While it was a sell-out, the ride was not exactly smooth.
Popular held back the launch when the market weakened in 2008 but opted to sell last April when things got brighter. But as it turned out, ‘we actually sold it a bit early’, admitted Mr Chou, as prices started to pick up around May.
He hopes his timing will be better for his second project, the 19-unit 18 Shelford.
Mr Chou started building work in mid-2008 and will launch soon.
The firm has taken a hit from its property dealings. It reported a net loss of $17.6 million for the year ended April 30, instead of the previous year’s $13.6 million profit, due to the fall in fair value of 18 Shelford and another project, 8 Raja.
‘For a smaller player, the timing is even more crucial as you don’t have a name to rely on. You have to ride the wave,’ says Mr Chou.
Big projects are also out of the question. ‘We don’t have much capital. We don’t want or dare to try big developments.’
Fortunately, small projects give smaller firms like Popular the chance to showcase their design ideas and quality, as buyers warm up to them as developers.
That is why Popular insisted on building a full-sized show unit for its first two projects. ‘If you see the quality, you wouldn’t mind the name so much,’ says Mr Chou.

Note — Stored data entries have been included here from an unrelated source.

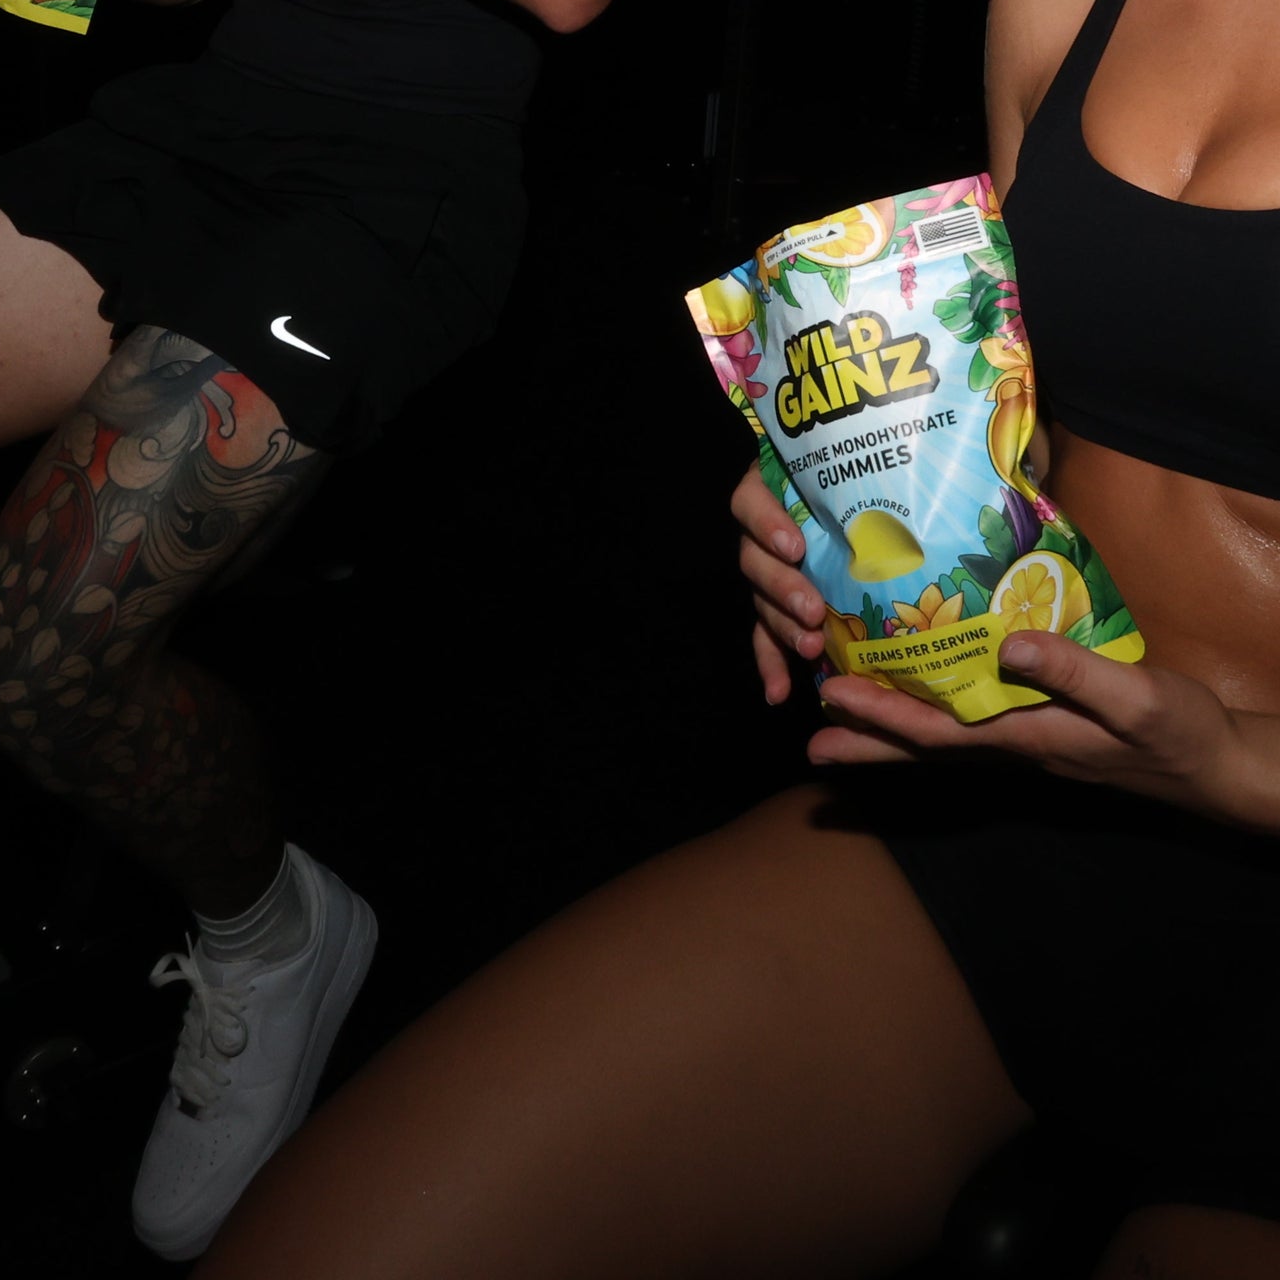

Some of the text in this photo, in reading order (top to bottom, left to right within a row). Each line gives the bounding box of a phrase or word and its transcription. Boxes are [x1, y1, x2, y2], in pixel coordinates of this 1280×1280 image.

[793, 238, 806, 249] AND
[807, 234, 824, 243] PULL
[785, 315, 884, 377] WILD
[776, 337, 933, 429] GAINZ
[787, 409, 958, 477] CREATINE MONOHYDRATE
[817, 444, 913, 490] GUMMIES
[839, 497, 911, 529] MON FLAVORED
[858, 626, 990, 665] 5 GRAMS PER SERVING
[924, 661, 942, 672] 150
[943, 645, 989, 668] GUMMIES
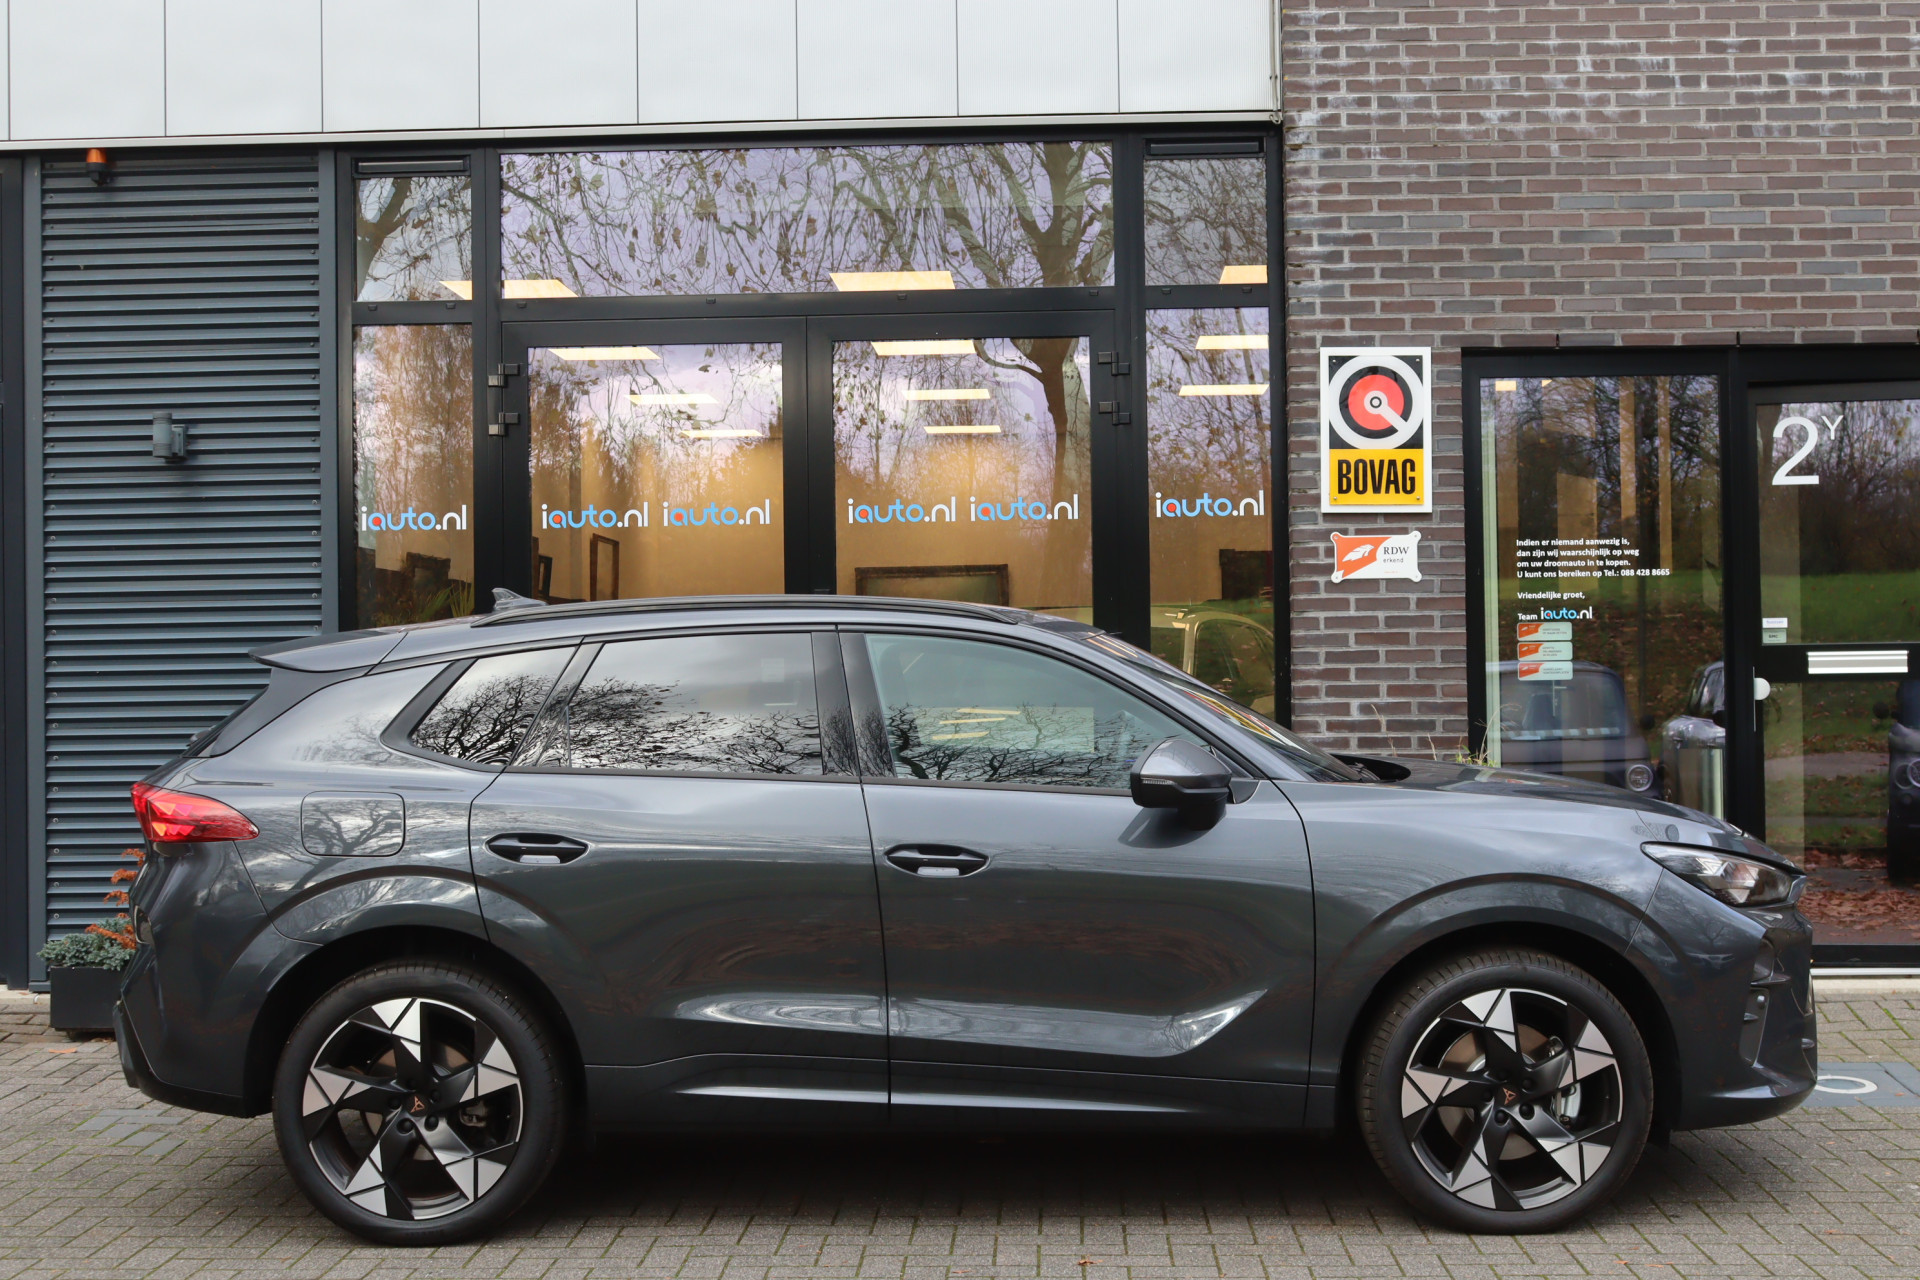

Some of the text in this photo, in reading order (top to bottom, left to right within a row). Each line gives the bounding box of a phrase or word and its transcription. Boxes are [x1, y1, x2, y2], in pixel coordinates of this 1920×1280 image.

The margins could have been higher if they had cut corners, he says, but they are in it for the long haul.
Mr Chou sees his projects as places that he too would enjoy living in. ‘It’s more the thrill of building something that you think is nice and comfortable, nothing ostentatious.’
Property looks set to become one of Popular’s core businesses although for now it is playing it slow and steady.
Buying land is tricky for small players now. If Popular thinks a site is overpriced, it will walk away.
‘You need experience and discipline. You can get carried away because the profit is so phenomenal,’ says Mr Chou.
‘You cannot foresee everything. You must hope for the best and prepare for the worst.’
TRACKING THE CYCLES
‘Property is cyclical. The book business is not cyclical… You’ve got to be very sensitive about when you jump in and in which part of the cycle you are ready to sell.’
BEING CAUTIOUS
‘We don’t have much capital. We don’t want or dare to try big developments.’
BEING PRUDENT
‘Cycles are shorter and shorter but it is still about four to five years apart, so you don’t overstretch just in case you have to hold.’
TIMING IS CRUCIAL
‘For a smaller player, the timing is even more crucial as you don’t have a name to rely on. You have to ride the wave.’